Variant set association tests (VSAT), especially those incorporating rare variants via variant collapse, are invaluable in genetic studies. However, unlike Manhattan plots for single-variant tests, VSAT statistics lack intrinsic genomic coordinates, hindering visual interpretation. To overcome this, we developed the Archipelago method, which assigns a meaningful genomic coordinate to VSAT P values so that both set-level and individual variant associations can be visualised together. This results in an intuitive and information rich illustration akin to an Archipelago of clustered islands, enhancing the understanding of both collective and individual impacts of variants. We conducted three validation studies spanning simulated and real datasets across small and biobank-scale cohorts, from 504 individuals up to 490,640 UK Biobank participants. We integrated single-variant genome-wide association studies (GWAS) with gene- and protein pathway-level rare-variant collapse. These studies included the 1KG GWAS cohort, the Pan-UK Biobank GWAS with DeepRVAT WES gene-level study, and the UKBB WGS gene-level UTR collapsing PheWAS. The Archipelago plot is applicable in any genetic association study that uses variant collapse to evaluate both individual variants and variant sets, and its customisability facilitates clear communication of complex genetic data. By integrating at least two dimensions of genetic data into a single visualisation, VSAT results can be easily read and aid in identification of potential causal variants in variant sets such as protein pathways.

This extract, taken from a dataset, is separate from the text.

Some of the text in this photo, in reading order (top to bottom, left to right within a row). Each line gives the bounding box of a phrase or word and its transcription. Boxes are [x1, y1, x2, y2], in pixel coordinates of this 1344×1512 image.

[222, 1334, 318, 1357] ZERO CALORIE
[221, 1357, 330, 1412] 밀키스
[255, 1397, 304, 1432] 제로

变异集关联测试(VSAT),特别是那些通过变异崩溃纳入罕见变异的测试,在遗传研究中是非常宝贵的。然而,与单变体测试的曼哈顿图不同,VSAT统计数据缺乏内在的基因组坐标,妨碍了视觉解释。为了克服这个问题,我们开发了Archipelago方法,该方法为VSAT P值分配了一个有意义的基因组坐标,从而可以同时可视化集水平和个体变异的关联。这就产生了一个直观的、信息丰富的插图,类似于集群岛屿的群岛,增强了对变体的集体和个体影响的理解。我们进行了三项验证研究,涵盖小型和生物银行规模队列的模拟和真实数据集,从504个人到490,640名英国生物银行参与者。我们将单变异全基因组关联研究(GWAS)与基因和蛋白质通路水平的罕见变异崩溃结合起来。这些研究包括1KG GWAS队列、Pan-UK Biobank GWAS与DeepRVAT WES基因水平的研究和UKBB WGS基因水平的UTR塌陷PheWAS。Archipelago图适用于任何使用变异坍缩来评估个体变异和变异集的遗传关联研究,其可定制性促进了复杂遗传数据的清晰交流。通过将至少两个维度的遗传数据整合到一个单一的可视化中,VSAT结果可以很容易地读取,并有助于识别变异集(如蛋白质途径)中的潜在因果变异。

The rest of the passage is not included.